Sin embargo, Mario Cipollini lo vio claro en su columna de la Gazzetta sobre la jornada: «Ahora, mi favorito para el Giro es Arroyo». El tiempo daría la razón al otrora gran esprinter italiano. La apuesta, algo sorprendente teniendo en cuenta lo altisonante de sus compañeros de fuga, no lo era tanto revisando las credenciales del talaverano. Éste había completado nueve grandes vueltas: dos Giros, dos Vueltas y cinco Tours. Su potente motor estaba fuera de toda duda para aquel que siguiera medianamente la actualidad ciclista. Y, sobre todo, había mostrado un estado de forma excepcional, encontrándose siempre con los mejores en las etapas holandesas y en el embarrado final de Montalcino; sólo había fallado en el Terminillo, donde cedió un par de minutos. La sensación de Cipollini no tardó en ser avalada por los hechos: en Asolo, tras la subida al Monte Grappa, Arroyo cogía la ‘maglia rosa’. Desde ahí hasta Verona, la felicidad y el brillo…

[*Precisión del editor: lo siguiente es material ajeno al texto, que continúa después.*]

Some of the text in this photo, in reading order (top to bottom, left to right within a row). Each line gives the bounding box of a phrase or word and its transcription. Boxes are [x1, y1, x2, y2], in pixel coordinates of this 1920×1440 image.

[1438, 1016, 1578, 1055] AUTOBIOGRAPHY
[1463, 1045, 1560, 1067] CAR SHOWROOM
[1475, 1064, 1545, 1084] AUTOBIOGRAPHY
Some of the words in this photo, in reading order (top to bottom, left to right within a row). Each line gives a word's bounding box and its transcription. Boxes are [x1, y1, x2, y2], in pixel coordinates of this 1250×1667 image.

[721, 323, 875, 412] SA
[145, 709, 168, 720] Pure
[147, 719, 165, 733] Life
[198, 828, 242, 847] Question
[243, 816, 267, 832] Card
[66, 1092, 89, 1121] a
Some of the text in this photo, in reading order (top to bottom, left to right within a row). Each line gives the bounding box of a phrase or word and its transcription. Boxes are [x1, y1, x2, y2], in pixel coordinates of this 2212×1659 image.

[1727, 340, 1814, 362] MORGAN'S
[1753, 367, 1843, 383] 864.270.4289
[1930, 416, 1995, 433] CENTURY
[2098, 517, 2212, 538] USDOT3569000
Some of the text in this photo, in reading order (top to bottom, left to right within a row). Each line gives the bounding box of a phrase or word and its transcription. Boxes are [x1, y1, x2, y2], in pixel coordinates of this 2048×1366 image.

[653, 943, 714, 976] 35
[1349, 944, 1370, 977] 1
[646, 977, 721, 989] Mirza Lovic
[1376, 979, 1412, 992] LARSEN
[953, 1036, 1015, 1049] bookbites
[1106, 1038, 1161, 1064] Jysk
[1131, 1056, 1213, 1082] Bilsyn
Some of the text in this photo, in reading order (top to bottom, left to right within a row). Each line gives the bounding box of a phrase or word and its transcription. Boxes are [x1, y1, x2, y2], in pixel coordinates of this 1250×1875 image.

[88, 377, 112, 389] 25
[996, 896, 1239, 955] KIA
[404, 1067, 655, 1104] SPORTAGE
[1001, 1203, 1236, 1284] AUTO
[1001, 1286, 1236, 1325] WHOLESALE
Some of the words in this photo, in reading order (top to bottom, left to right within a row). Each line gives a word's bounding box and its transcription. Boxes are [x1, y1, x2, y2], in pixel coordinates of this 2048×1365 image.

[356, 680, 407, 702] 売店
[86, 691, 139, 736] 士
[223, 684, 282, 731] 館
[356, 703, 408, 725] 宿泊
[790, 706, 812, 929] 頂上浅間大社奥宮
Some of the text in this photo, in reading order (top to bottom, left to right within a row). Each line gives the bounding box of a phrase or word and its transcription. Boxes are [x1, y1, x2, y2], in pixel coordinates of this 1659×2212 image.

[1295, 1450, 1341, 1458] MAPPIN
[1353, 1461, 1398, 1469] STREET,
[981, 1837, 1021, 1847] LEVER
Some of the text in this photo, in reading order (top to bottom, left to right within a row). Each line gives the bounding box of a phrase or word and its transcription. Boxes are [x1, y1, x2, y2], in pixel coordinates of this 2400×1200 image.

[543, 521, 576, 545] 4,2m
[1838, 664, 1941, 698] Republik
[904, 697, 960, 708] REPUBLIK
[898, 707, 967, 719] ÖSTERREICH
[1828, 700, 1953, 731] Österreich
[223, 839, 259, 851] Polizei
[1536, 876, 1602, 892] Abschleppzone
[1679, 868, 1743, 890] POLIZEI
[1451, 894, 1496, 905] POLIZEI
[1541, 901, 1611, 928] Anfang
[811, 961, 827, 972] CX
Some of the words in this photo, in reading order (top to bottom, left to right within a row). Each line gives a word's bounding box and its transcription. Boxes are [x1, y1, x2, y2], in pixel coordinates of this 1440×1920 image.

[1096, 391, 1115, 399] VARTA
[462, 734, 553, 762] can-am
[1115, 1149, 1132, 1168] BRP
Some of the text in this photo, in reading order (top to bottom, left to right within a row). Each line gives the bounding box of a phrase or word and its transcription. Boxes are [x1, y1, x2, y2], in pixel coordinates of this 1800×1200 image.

Aunque su ventaja se fue limando poco a poco, sobrevivió al Zoncolan donde Basso hizo patente su superioridad respecto del resto de participantes; también en la cronoescalada de Plan de Corones y en Peio Terme. Su brillo, sin embargo, fue aún mayor el día que tuvo que claudicar en su defensa del entorchado, camino de Aprica previo paso por el Mortirolo. En la subida al gigante lombardo, el puerto favorito de Marco Pantani, Arroyo tuvo que ver como Liquigas montaba su zafarrancho particular y le dejaba atrás, roto. En la bajada, en cambio, nos regaló una gesta para el recuerdo. Un descenso de esos que antes se llamaban a tumba abierta que le sirvió para cazar a todos los que iban delante de él, con excepción de Basso, Nibali y Scarponi. Los apenas 40″ de desventaja respecto de la terna con que contaba al inicio de la subida a Aprica se vieron aumentados a más de 3′ debido a la falta de colaboración de los que iban con él en el grupo, indignamente abúlicos. Cedió el liderato.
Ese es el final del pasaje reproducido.